▶ [PROBLEM DETAILS]
None of the pictures should be copied, though every line of the listing must be printed exactly.
○ ○ ○ ○
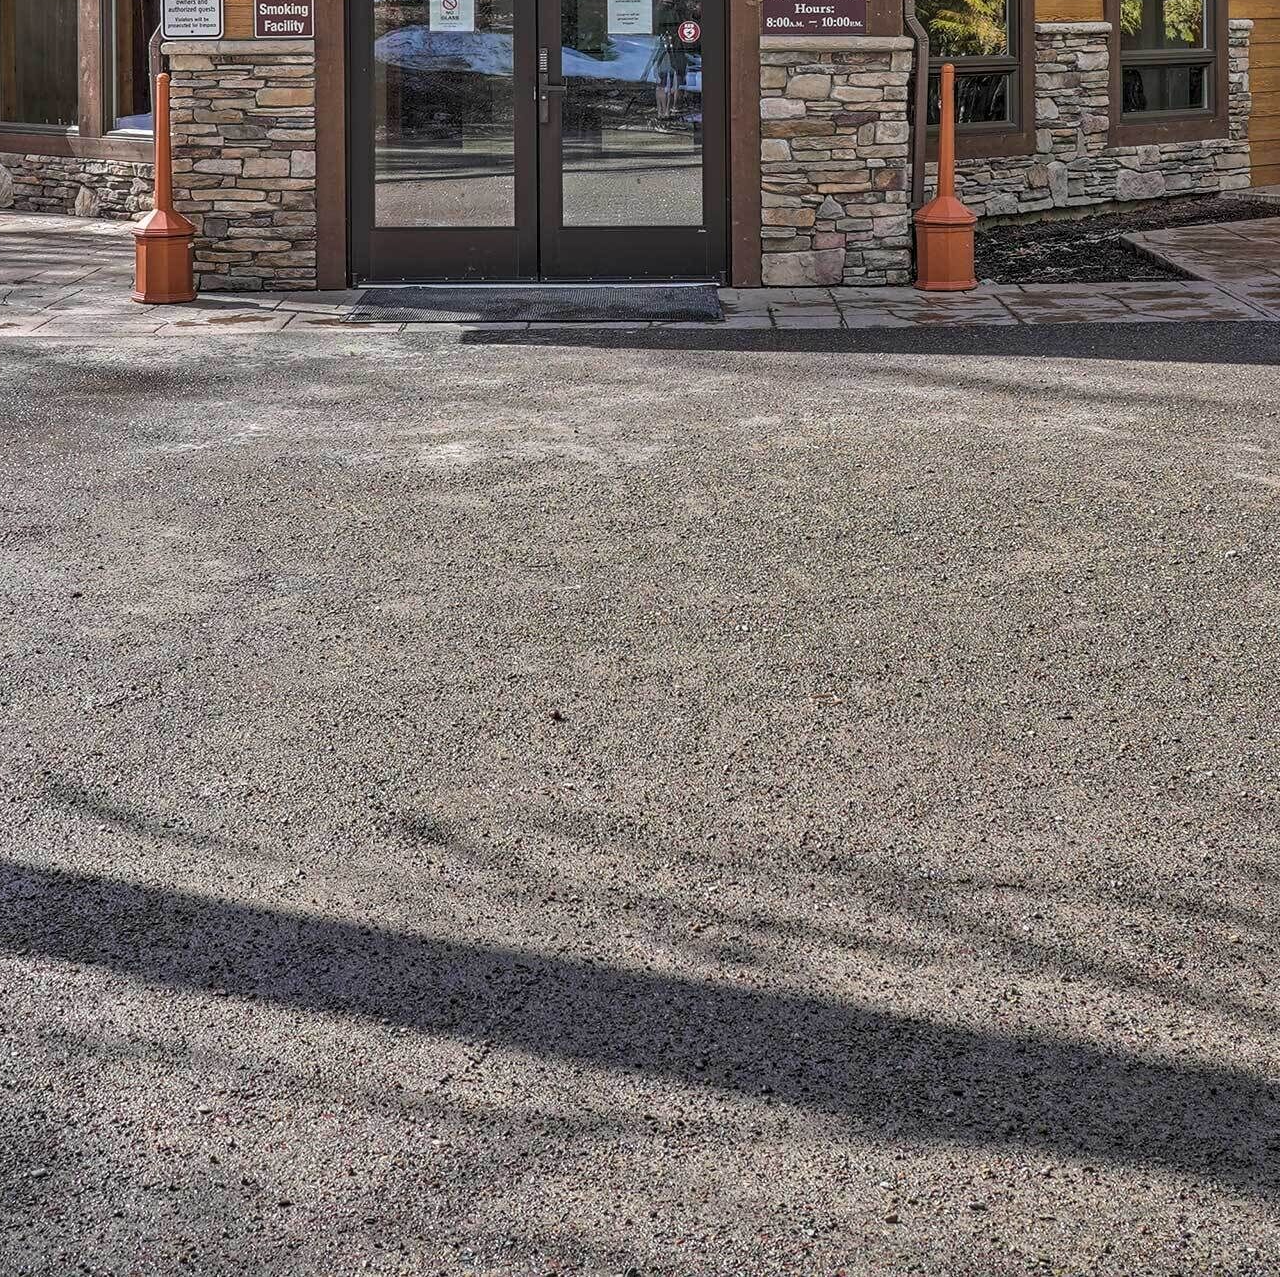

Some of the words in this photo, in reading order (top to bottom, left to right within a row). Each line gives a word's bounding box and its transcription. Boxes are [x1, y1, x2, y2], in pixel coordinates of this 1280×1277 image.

[198, 6, 216, 14] guests
[259, 3, 309, 17] Smoking
[794, 3, 835, 14] Hours:
[264, 20, 305, 33] Facility
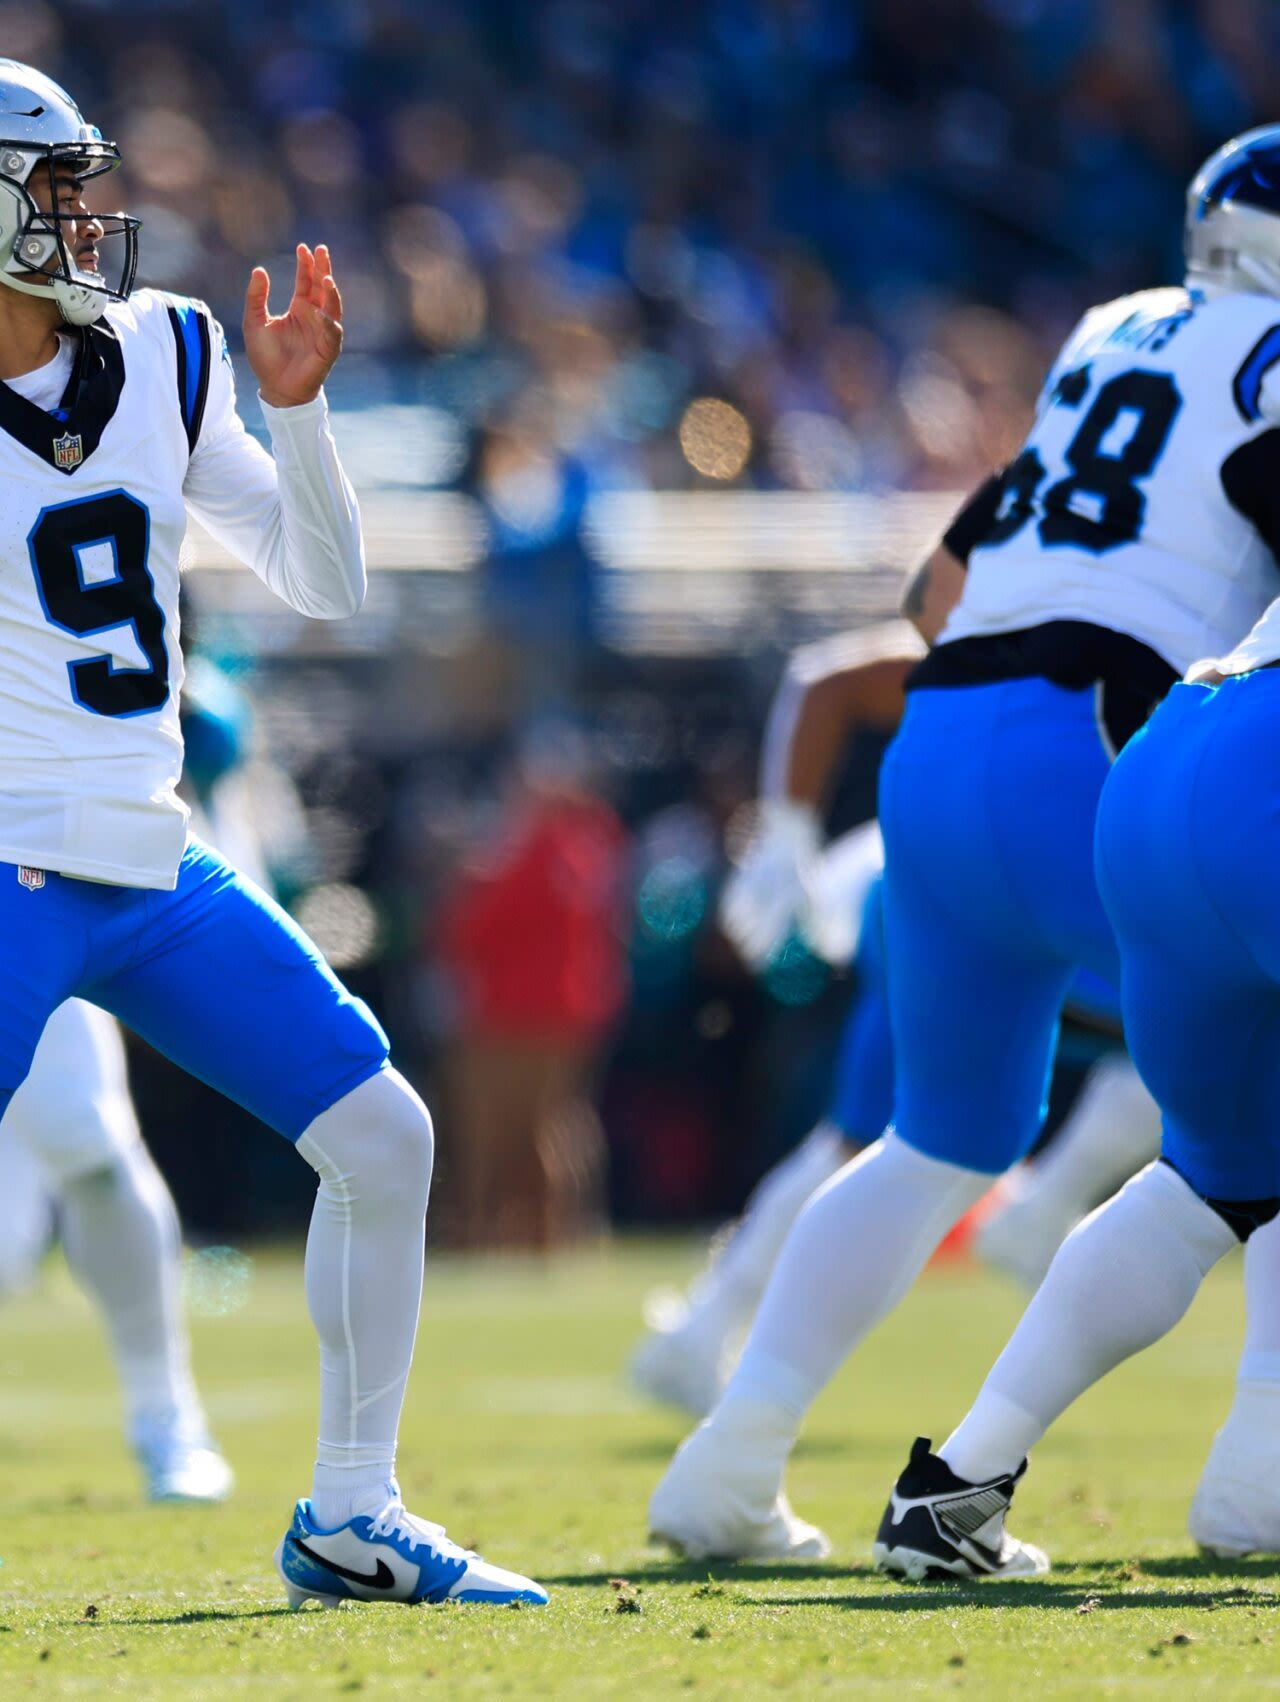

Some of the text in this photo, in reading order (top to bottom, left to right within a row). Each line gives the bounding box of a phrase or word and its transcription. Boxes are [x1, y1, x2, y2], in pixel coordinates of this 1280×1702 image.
○ ○ ○ ○
▶ [RESPONSE AREA]
Some of the words in this photo, in reading order (top to bottom, left to right within a row). Each line gives a word's bounding box and its transcription. Boxes are [x1, y1, x2, y2], in pixel coordinates of this 1280×1277 image.

[198, 6, 216, 14] guests
[259, 3, 309, 17] Smoking
[794, 3, 835, 14] Hours:
[264, 20, 305, 33] Facility

Some of the text in this photo, in reading order (top to bottom, left to right within a row). Each line gives the bounding box of a phrase or word and its transcription. Boxes are [x1, y1, x2, y2], in pixel coordinates of this 1280×1702 image.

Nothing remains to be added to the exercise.